I'm am so there as well. I feel so like a fool, so like I've given up my dignity & self worth. I'm 17 months out & struggle with no feelings for fWH. He was unremorseful for almost 3 months after caught. Stayed in contact w her & I didn't know it. Filed for divorce after she kept telling him he needed to do that & get on with his life. She needed her ego boosting f*** buddy to stick around for her. I'm sure of that. I wanted him. I wanted to reconcile. After the treatment I got in the months after confrontation I gave up & decided to let him go. I debased myself, begged, pleaded for our children & their security, set up counseling, got books--everything & he just scoffed & pushed me off. I gave up. Found SI & the 180 & decided to let him go & make a life. I couldn't take the abuse anymore.

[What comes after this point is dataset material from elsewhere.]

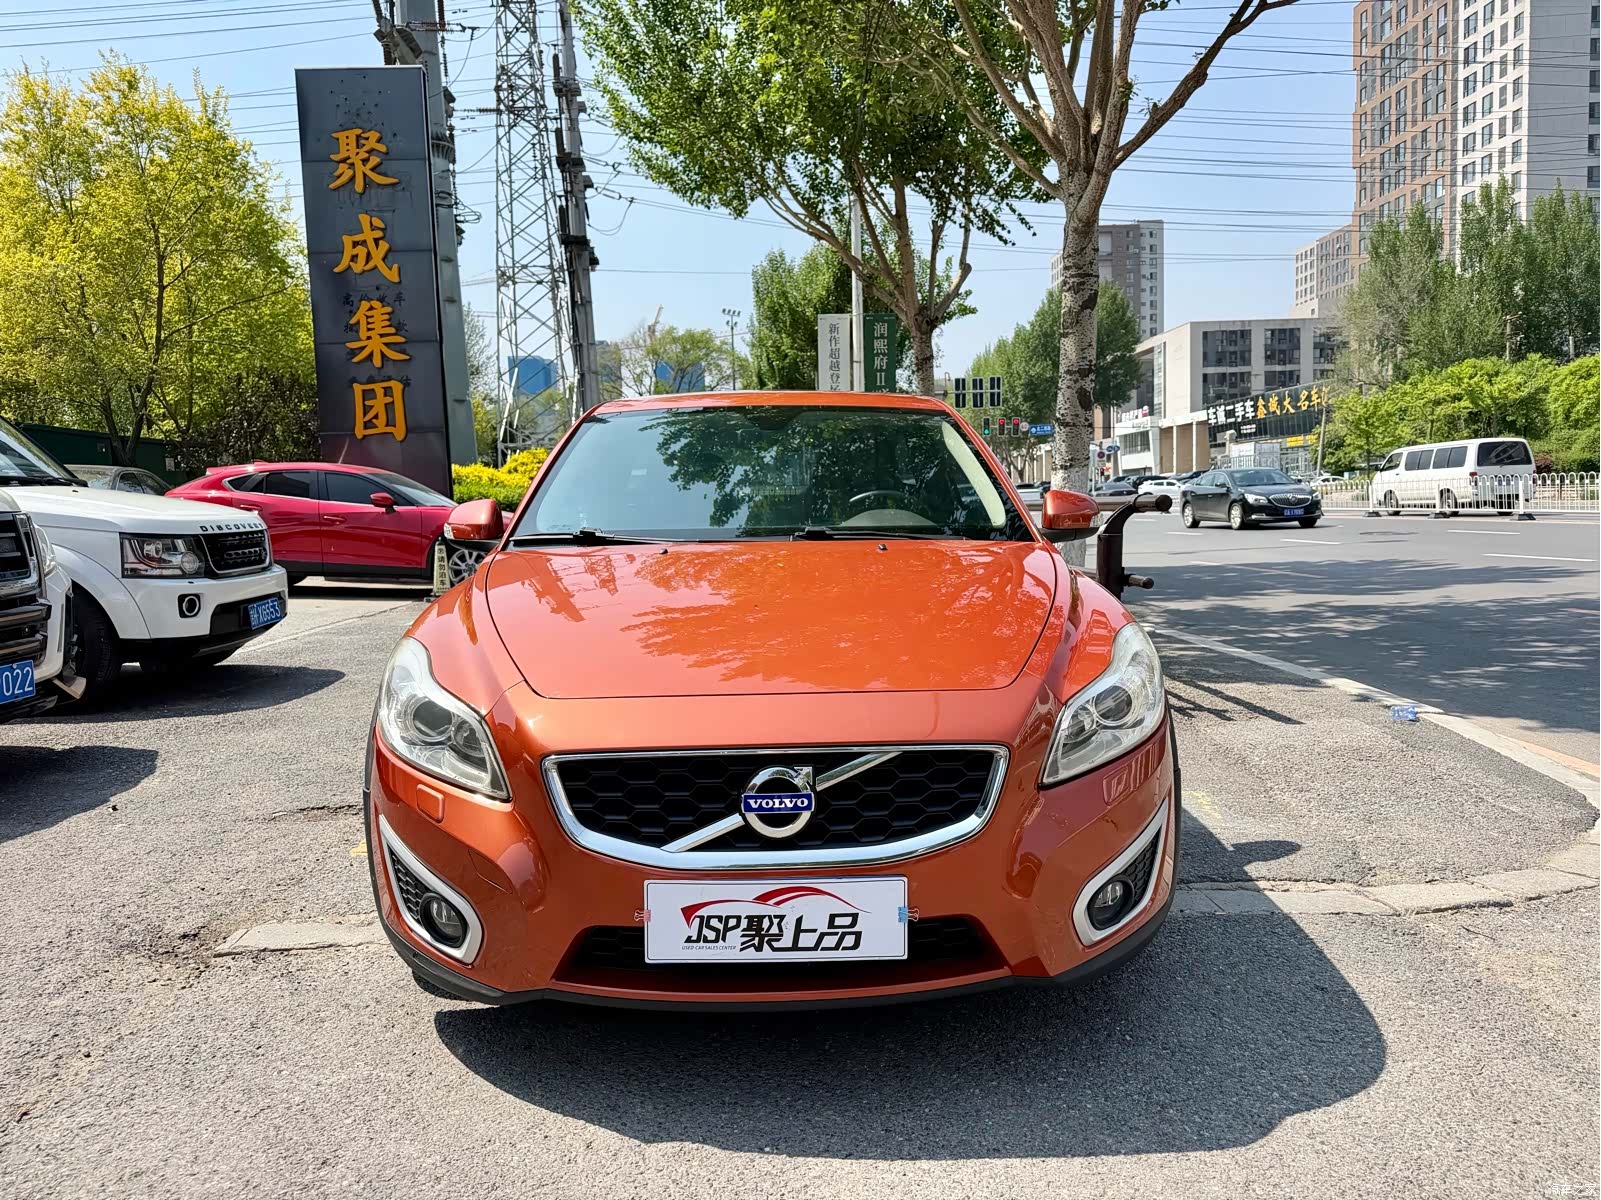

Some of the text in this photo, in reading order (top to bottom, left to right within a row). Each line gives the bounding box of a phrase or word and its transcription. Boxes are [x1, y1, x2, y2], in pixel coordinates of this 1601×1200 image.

[328, 127, 411, 441] 聚成集团
[873, 322, 889, 392] 润熙府II
[747, 798, 808, 808] VOLVO

I was beginning to feel somewhat happy in my new life even tho we were in-house separated. Well he woke up. Stopped the divorce he so desparately wanted. Wanted to work on us. I swallowed my pride & stayed so my kids would have a secure home. They took all of it really bad & we are still feeling the repercussions with them from his actions during that time. My daughter started cutting shortly after & my son is a mess right now & in counseling. They attribute it to his affair & wanting to leave us. I have paid a very high price & so have my teenage children & I'm still not happy or sure I did the right thing. It's a hard pill to swallow
I am a Christian and have felt pressure to forgive & be Christlike. I hope my H someday realizes the gift he's been given. Or, if we don't make it the weight of what he's done to all 4 of us.
This is a great article.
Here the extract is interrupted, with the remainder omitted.